Insulin is released by beta cells in the Pancreas, and functions to decrease the amount of sugar in your blood by causing that sugar to be taken up primarily into muscle cells and stored as glycogen for later use. When more insulin is needed to maintain normal amounts of glucose in your blood, it is referred to as insulin resistance. Insulin resistance in the muscles is influenced by free-fatty acids in your blood, in addition to factors released by fat cells such as Leptin, both of which are high in obese individuals. It is actually fat that accumulates inside muscle cells (and fatty byproducts) that block the insulin driven transport of glucose into them. If glucose can’t come into the cell when insulin is present (insulin resistance), then the levels of glucose in the blood remain high after a meal.
High levels of fat in the blood is also associated with decreased secretion of Insulin from the beta cells in the Pancreas. The specific mechanism connecting insulin secretion to fat was identified in mice with a genetic alteration in a glucose transporter that releases Insulin in response to glucose in the blood. Similar changes to this transporter could be induced in normal mice fed a high-fat diet, supporting earlier evidence from the 1930’s associating high fat diets with insulin resistance. Overtime, fat and their break down products lead to beta cell death, and by the time a person is diagnosed with Diabetes, about half of their original beta cells are gone.

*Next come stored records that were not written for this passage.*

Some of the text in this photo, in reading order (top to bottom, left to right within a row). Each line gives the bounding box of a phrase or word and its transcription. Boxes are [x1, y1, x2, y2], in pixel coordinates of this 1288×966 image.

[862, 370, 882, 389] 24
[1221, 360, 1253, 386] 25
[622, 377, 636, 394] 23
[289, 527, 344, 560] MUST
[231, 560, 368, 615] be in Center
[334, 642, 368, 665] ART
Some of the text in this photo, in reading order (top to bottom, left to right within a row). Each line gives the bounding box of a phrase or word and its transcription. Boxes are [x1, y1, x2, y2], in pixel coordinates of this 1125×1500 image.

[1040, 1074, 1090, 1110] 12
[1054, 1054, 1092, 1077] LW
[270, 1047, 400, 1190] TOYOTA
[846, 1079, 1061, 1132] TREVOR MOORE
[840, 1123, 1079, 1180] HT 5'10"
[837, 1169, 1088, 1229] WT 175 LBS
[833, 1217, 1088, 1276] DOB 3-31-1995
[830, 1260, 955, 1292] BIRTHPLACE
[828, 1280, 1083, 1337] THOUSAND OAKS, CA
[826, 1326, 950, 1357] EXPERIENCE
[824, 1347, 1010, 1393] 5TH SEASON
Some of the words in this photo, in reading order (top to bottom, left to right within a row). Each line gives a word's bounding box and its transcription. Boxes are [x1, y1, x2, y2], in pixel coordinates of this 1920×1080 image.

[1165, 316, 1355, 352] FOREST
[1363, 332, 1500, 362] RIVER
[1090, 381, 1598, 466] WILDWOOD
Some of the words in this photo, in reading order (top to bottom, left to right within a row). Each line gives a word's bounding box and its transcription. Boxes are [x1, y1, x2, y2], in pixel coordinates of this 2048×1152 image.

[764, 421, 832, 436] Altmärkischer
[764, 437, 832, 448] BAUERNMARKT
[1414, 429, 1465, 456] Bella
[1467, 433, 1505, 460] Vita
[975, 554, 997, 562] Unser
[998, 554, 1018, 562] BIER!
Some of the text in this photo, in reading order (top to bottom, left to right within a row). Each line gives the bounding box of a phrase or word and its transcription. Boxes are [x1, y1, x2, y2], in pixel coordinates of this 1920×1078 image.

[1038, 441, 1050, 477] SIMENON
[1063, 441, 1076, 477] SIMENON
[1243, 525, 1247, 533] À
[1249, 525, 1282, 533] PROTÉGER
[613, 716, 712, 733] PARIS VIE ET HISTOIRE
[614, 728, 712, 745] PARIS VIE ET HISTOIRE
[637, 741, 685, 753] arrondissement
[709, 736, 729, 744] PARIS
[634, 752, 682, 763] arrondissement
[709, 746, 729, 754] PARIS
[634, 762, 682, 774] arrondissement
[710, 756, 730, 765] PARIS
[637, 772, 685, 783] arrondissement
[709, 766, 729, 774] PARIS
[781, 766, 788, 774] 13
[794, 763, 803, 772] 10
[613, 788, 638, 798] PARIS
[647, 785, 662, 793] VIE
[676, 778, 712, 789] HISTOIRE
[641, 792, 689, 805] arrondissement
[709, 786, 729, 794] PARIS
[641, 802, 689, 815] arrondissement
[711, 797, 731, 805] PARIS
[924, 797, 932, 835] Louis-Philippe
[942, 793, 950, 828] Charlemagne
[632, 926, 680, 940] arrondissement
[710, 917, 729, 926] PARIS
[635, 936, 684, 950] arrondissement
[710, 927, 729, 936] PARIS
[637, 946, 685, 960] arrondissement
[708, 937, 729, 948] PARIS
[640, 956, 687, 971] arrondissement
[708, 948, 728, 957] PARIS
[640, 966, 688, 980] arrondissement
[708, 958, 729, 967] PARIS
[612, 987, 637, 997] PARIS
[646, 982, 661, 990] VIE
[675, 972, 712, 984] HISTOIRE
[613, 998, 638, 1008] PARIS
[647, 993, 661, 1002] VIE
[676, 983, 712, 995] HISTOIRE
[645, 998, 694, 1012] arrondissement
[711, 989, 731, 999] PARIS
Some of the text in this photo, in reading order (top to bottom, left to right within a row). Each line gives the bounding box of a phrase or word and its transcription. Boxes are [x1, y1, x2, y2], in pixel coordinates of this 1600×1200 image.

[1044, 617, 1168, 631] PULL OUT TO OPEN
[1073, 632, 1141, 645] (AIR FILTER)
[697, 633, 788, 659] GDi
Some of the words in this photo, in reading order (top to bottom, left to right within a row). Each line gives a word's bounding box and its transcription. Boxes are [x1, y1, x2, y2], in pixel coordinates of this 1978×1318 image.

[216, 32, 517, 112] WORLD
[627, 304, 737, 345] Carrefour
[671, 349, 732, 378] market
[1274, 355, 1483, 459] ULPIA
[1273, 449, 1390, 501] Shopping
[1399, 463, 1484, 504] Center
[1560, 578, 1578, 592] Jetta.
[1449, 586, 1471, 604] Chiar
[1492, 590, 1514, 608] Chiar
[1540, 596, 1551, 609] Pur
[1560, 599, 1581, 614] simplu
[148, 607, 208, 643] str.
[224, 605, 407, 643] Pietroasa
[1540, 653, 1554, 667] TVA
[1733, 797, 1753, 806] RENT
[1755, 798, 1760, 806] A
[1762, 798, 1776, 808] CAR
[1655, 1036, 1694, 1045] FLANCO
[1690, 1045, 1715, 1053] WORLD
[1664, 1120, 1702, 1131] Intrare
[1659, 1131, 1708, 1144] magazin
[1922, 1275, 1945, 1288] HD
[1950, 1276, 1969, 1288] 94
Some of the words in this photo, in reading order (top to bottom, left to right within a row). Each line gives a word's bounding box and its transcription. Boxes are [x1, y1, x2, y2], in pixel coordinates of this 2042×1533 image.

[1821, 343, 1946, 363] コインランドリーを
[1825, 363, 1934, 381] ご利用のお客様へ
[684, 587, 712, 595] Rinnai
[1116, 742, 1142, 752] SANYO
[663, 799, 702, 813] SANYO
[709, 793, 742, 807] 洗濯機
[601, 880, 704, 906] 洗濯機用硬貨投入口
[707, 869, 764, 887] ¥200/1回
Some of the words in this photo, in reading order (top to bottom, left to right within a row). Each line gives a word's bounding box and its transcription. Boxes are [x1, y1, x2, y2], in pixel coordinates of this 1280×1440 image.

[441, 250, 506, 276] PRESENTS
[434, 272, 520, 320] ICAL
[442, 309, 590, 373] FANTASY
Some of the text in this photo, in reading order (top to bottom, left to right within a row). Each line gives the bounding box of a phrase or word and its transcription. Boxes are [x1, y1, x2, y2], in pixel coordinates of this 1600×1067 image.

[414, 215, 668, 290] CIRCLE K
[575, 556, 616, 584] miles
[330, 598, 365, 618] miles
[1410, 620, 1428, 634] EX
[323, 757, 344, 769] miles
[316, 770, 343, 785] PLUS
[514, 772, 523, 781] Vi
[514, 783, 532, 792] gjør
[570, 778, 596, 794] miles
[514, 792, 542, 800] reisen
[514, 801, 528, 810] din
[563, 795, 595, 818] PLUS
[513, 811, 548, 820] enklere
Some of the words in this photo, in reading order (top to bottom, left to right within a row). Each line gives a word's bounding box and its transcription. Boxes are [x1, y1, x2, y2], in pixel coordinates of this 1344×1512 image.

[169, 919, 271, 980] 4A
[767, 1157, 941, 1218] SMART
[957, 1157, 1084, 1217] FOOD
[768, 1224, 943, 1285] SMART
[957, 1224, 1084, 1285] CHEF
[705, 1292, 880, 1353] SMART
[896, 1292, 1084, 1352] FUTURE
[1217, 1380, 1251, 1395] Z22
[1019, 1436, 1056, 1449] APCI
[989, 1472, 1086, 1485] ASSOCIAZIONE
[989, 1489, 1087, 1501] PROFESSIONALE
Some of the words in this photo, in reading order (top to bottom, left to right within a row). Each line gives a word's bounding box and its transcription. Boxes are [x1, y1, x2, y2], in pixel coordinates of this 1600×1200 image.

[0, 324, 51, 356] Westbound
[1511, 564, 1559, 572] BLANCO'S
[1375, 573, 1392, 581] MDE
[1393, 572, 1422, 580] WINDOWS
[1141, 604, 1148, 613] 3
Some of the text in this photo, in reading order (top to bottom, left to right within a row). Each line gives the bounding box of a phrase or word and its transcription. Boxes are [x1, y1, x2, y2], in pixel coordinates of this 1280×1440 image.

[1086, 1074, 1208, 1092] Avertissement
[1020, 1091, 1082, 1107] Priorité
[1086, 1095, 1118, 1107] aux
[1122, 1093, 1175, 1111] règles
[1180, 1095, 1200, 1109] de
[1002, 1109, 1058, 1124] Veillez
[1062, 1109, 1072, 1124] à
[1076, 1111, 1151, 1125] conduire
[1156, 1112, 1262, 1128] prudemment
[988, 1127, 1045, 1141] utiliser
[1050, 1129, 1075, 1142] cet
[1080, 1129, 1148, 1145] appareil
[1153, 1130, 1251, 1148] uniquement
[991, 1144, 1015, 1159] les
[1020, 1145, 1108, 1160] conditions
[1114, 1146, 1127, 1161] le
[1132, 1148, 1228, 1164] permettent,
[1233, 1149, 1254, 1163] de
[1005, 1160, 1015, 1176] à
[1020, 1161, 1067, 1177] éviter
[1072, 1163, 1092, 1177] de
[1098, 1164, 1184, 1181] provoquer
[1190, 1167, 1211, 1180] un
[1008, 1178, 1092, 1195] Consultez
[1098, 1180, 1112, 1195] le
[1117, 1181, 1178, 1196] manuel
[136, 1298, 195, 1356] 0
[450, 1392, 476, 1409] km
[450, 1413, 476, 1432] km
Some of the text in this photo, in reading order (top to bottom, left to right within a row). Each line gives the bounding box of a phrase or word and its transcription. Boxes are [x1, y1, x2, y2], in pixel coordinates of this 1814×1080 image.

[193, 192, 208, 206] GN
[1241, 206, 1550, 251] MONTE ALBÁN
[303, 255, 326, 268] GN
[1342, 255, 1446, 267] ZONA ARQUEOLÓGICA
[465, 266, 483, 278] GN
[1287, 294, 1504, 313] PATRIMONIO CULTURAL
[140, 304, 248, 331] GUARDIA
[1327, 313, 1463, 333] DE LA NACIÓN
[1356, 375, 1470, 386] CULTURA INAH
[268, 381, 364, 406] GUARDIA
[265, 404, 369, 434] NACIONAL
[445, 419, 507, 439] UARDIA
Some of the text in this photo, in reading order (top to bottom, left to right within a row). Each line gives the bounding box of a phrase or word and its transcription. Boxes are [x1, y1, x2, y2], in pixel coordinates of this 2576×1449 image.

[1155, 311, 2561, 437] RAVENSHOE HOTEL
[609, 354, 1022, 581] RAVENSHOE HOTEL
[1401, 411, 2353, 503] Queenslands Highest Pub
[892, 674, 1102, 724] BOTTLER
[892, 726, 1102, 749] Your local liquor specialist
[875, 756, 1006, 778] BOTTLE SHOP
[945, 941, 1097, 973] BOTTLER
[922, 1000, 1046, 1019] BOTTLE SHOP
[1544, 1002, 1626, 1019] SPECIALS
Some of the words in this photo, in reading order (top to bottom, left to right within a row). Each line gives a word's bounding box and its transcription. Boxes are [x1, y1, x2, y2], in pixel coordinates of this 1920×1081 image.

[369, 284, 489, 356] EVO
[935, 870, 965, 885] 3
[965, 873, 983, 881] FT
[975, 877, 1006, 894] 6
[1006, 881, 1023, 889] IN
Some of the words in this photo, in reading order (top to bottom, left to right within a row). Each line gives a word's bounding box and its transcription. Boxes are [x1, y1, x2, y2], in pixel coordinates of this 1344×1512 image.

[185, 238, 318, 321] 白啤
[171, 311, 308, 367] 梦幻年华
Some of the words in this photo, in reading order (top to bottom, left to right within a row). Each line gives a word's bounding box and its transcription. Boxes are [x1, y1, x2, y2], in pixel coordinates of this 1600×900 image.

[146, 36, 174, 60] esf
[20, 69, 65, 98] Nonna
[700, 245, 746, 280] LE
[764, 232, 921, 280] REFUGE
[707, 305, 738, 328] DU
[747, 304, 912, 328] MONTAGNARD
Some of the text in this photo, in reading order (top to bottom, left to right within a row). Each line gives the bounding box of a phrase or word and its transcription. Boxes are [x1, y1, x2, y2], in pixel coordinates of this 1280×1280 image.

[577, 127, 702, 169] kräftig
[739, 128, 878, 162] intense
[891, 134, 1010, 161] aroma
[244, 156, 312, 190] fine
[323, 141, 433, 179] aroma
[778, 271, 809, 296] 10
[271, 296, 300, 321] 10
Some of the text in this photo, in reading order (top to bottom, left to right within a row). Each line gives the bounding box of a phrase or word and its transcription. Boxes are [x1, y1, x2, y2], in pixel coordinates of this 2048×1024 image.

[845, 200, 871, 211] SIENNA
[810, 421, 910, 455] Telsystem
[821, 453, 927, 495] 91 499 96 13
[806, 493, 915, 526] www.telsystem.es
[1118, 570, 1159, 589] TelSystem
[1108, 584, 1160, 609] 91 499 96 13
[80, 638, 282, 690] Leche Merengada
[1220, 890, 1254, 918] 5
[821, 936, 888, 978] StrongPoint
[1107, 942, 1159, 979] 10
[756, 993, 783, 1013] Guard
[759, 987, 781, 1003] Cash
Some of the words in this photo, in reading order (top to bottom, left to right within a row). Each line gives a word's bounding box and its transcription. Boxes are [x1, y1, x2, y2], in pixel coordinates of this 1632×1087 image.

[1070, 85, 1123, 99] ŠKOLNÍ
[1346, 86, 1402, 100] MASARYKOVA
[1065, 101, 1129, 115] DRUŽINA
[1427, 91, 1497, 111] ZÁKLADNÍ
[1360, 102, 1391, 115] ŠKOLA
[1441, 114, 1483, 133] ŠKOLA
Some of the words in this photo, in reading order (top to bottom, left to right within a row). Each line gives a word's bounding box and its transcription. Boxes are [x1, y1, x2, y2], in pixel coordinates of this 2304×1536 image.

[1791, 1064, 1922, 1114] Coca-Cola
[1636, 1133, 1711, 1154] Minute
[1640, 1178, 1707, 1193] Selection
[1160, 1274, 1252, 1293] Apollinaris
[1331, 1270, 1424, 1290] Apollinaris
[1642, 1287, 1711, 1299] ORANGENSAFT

This is of course a simplified explanation, but for the most part it is fat, especially saturated fat consumed in our diet that leads to insulin resistance, decreased insulin secretion, and eventually beta cell death. Other important missteps occur as part of this process, such as increased insulin resistance and accumulation of fat in liver cells. The point is, despite most people thinking that Diabetes is caused by eating too much sugar, and genetics, the most current scientific evidence suggests fat is the strongest causative factor also explaining the link to obesity.